-- PROBLEM DETAILS --
Reproduce the records below exactly as given.

-- MATERIALS PROVIDED --
Segment Open

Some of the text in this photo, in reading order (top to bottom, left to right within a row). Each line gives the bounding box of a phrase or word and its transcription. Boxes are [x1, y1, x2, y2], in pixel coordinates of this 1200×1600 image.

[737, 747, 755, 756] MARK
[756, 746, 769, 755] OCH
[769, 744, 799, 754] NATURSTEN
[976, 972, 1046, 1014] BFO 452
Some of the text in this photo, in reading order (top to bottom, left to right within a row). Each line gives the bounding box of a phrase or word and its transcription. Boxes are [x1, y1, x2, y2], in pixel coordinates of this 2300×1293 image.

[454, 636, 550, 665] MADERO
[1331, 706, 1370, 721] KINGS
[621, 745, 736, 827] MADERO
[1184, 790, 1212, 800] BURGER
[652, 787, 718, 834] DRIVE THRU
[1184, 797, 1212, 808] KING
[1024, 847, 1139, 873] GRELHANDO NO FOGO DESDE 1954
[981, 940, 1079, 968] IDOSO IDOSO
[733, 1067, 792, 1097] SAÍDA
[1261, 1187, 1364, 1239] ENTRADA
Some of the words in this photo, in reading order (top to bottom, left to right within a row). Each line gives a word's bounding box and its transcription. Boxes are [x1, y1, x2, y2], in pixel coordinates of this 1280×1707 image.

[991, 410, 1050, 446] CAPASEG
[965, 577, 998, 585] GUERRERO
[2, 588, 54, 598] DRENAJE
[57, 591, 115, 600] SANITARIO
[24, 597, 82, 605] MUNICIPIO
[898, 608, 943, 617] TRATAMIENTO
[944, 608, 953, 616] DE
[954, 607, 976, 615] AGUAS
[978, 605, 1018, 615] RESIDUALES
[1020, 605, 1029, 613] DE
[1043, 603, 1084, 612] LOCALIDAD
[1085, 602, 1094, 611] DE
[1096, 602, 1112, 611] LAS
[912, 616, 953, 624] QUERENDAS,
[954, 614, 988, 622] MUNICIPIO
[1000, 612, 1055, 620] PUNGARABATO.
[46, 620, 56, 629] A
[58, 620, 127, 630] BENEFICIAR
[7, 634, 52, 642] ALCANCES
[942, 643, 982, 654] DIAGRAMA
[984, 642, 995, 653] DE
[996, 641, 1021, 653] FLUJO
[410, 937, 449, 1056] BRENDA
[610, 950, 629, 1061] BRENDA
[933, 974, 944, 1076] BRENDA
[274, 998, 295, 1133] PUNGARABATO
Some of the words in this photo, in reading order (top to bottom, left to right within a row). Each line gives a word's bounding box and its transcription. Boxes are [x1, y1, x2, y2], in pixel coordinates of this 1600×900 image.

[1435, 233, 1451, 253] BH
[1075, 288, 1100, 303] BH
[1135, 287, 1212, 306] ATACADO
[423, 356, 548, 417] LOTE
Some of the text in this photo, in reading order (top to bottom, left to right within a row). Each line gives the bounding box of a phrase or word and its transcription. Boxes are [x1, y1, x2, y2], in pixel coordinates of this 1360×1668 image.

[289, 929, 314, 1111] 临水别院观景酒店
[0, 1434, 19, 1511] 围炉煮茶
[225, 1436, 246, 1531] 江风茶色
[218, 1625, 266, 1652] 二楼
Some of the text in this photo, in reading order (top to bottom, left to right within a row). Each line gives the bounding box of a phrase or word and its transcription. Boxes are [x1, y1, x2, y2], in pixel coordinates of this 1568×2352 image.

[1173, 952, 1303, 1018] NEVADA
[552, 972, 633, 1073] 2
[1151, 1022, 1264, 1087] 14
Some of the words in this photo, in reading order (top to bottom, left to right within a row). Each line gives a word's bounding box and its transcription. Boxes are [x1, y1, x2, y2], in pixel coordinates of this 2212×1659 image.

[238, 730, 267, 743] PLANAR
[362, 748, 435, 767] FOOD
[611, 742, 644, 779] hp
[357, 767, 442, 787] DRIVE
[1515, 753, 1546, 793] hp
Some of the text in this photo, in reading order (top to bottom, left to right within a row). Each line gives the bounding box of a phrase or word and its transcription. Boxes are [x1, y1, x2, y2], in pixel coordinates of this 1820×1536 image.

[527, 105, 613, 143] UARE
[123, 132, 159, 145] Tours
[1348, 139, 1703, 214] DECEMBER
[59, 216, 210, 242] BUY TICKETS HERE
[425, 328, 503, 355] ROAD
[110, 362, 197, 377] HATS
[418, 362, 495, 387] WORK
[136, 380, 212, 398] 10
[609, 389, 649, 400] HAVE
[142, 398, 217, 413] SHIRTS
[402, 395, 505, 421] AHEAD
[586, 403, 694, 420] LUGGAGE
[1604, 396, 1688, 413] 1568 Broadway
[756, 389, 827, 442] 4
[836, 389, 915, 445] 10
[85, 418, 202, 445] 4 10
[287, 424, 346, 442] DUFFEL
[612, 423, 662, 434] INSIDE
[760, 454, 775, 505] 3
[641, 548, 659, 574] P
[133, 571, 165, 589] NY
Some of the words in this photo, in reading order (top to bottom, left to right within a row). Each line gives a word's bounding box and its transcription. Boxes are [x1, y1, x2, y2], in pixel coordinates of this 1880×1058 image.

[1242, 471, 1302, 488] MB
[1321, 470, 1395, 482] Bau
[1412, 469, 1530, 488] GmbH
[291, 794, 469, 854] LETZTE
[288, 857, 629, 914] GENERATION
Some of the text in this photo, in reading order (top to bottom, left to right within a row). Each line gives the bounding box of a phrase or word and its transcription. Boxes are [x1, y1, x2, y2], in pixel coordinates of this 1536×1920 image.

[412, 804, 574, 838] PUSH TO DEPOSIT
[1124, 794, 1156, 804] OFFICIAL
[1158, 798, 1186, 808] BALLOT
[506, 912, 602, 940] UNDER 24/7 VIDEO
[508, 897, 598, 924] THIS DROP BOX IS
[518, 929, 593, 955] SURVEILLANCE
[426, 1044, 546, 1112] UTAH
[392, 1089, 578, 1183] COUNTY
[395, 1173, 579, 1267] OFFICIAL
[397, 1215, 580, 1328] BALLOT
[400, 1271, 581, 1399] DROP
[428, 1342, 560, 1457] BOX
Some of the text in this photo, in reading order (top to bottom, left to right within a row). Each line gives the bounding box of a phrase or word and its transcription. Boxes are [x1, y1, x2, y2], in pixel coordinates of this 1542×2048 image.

Segment Closed

-- YOUR RESPONSE --
Some of the text in this photo, in reading order (top to bottom, left to right within a row). Each line gives the bounding box of a phrase or word and its transcription. Boxes are [x1, y1, x2, y2], in pixel coordinates of this 1200×1600 image.

[737, 747, 755, 756] MARK
[756, 746, 769, 755] OCH
[769, 744, 799, 754] NATURSTEN
[976, 972, 1046, 1014] BFO 452
Some of the text in this photo, in reading order (top to bottom, left to right within a row). Each line gives the bounding box of a phrase or word and its transcription. Boxes are [x1, y1, x2, y2], in pixel coordinates of this 2300×1293 image.

[454, 636, 550, 665] MADERO
[1331, 706, 1370, 721] KINGS
[621, 745, 736, 827] MADERO
[1184, 790, 1212, 800] BURGER
[652, 787, 718, 834] DRIVE THRU
[1184, 797, 1212, 808] KING
[1024, 847, 1139, 873] GRELHANDO NO FOGO DESDE 1954
[981, 940, 1079, 968] IDOSO IDOSO
[733, 1067, 792, 1097] SAÍDA
[1261, 1187, 1364, 1239] ENTRADA
Some of the words in this photo, in reading order (top to bottom, left to right within a row). Each line gives a word's bounding box and its transcription. Boxes are [x1, y1, x2, y2], in pixel coordinates of this 1280×1707 image.

[991, 410, 1050, 446] CAPASEG
[965, 577, 998, 585] GUERRERO
[2, 588, 54, 598] DRENAJE
[57, 591, 115, 600] SANITARIO
[24, 597, 82, 605] MUNICIPIO
[898, 608, 943, 617] TRATAMIENTO
[944, 608, 953, 616] DE
[954, 607, 976, 615] AGUAS
[978, 605, 1018, 615] RESIDUALES
[1020, 605, 1029, 613] DE
[1043, 603, 1084, 612] LOCALIDAD
[1085, 602, 1094, 611] DE
[1096, 602, 1112, 611] LAS
[912, 616, 953, 624] QUERENDAS,
[954, 614, 988, 622] MUNICIPIO
[1000, 612, 1055, 620] PUNGARABATO.
[46, 620, 56, 629] A
[58, 620, 127, 630] BENEFICIAR
[7, 634, 52, 642] ALCANCES
[942, 643, 982, 654] DIAGRAMA
[984, 642, 995, 653] DE
[996, 641, 1021, 653] FLUJO
[410, 937, 449, 1056] BRENDA
[610, 950, 629, 1061] BRENDA
[933, 974, 944, 1076] BRENDA
[274, 998, 295, 1133] PUNGARABATO
Some of the words in this photo, in reading order (top to bottom, left to right within a row). Each line gives a word's bounding box and its transcription. Boxes are [x1, y1, x2, y2], in pixel coordinates of this 1600×900 image.

[1435, 233, 1451, 253] BH
[1075, 288, 1100, 303] BH
[1135, 287, 1212, 306] ATACADO
[423, 356, 548, 417] LOTE
Some of the text in this photo, in reading order (top to bottom, left to right within a row). Each line gives the bounding box of a phrase or word and its transcription. Boxes are [x1, y1, x2, y2], in pixel coordinates of this 1360×1668 image.

[289, 929, 314, 1111] 临水别院观景酒店
[0, 1434, 19, 1511] 围炉煮茶
[225, 1436, 246, 1531] 江风茶色
[218, 1625, 266, 1652] 二楼
Some of the text in this photo, in reading order (top to bottom, left to right within a row). Each line gives the bounding box of a phrase or word and its transcription. Boxes are [x1, y1, x2, y2], in pixel coordinates of this 1568×2352 image.

[1173, 952, 1303, 1018] NEVADA
[552, 972, 633, 1073] 2
[1151, 1022, 1264, 1087] 14
Some of the words in this photo, in reading order (top to bottom, left to right within a row). Each line gives a word's bounding box and its transcription. Boxes are [x1, y1, x2, y2], in pixel coordinates of this 2212×1659 image.

[238, 730, 267, 743] PLANAR
[362, 748, 435, 767] FOOD
[611, 742, 644, 779] hp
[357, 767, 442, 787] DRIVE
[1515, 753, 1546, 793] hp
Some of the text in this photo, in reading order (top to bottom, left to right within a row). Each line gives the bounding box of a phrase or word and its transcription. Boxes are [x1, y1, x2, y2], in pixel coordinates of this 1820×1536 image.

[527, 105, 613, 143] UARE
[123, 132, 159, 145] Tours
[1348, 139, 1703, 214] DECEMBER
[59, 216, 210, 242] BUY TICKETS HERE
[425, 328, 503, 355] ROAD
[110, 362, 197, 377] HATS
[418, 362, 495, 387] WORK
[136, 380, 212, 398] 10
[609, 389, 649, 400] HAVE
[142, 398, 217, 413] SHIRTS
[402, 395, 505, 421] AHEAD
[586, 403, 694, 420] LUGGAGE
[1604, 396, 1688, 413] 1568 Broadway
[756, 389, 827, 442] 4
[836, 389, 915, 445] 10
[85, 418, 202, 445] 4 10
[287, 424, 346, 442] DUFFEL
[612, 423, 662, 434] INSIDE
[760, 454, 775, 505] 3
[641, 548, 659, 574] P
[133, 571, 165, 589] NY
Some of the words in this photo, in reading order (top to bottom, left to right within a row). Each line gives a word's bounding box and its transcription. Boxes are [x1, y1, x2, y2], in pixel coordinates of this 1880×1058 image.

[1242, 471, 1302, 488] MB
[1321, 470, 1395, 482] Bau
[1412, 469, 1530, 488] GmbH
[291, 794, 469, 854] LETZTE
[288, 857, 629, 914] GENERATION
Some of the text in this photo, in reading order (top to bottom, left to right within a row). Each line gives the bounding box of a phrase or word and its transcription. Boxes are [x1, y1, x2, y2], in pixel coordinates of this 1536×1920 image.

[412, 804, 574, 838] PUSH TO DEPOSIT
[1124, 794, 1156, 804] OFFICIAL
[1158, 798, 1186, 808] BALLOT
[506, 912, 602, 940] UNDER 24/7 VIDEO
[508, 897, 598, 924] THIS DROP BOX IS
[518, 929, 593, 955] SURVEILLANCE
[426, 1044, 546, 1112] UTAH
[392, 1089, 578, 1183] COUNTY
[395, 1173, 579, 1267] OFFICIAL
[397, 1215, 580, 1328] BALLOT
[400, 1271, 581, 1399] DROP
[428, 1342, 560, 1457] BOX
Some of the text in this photo, in reading order (top to bottom, left to right within a row). Each line gives the bounding box of a phrase or word and its transcription. Boxes are [x1, y1, x2, y2], in pixel coordinates of this 1542×2048 image.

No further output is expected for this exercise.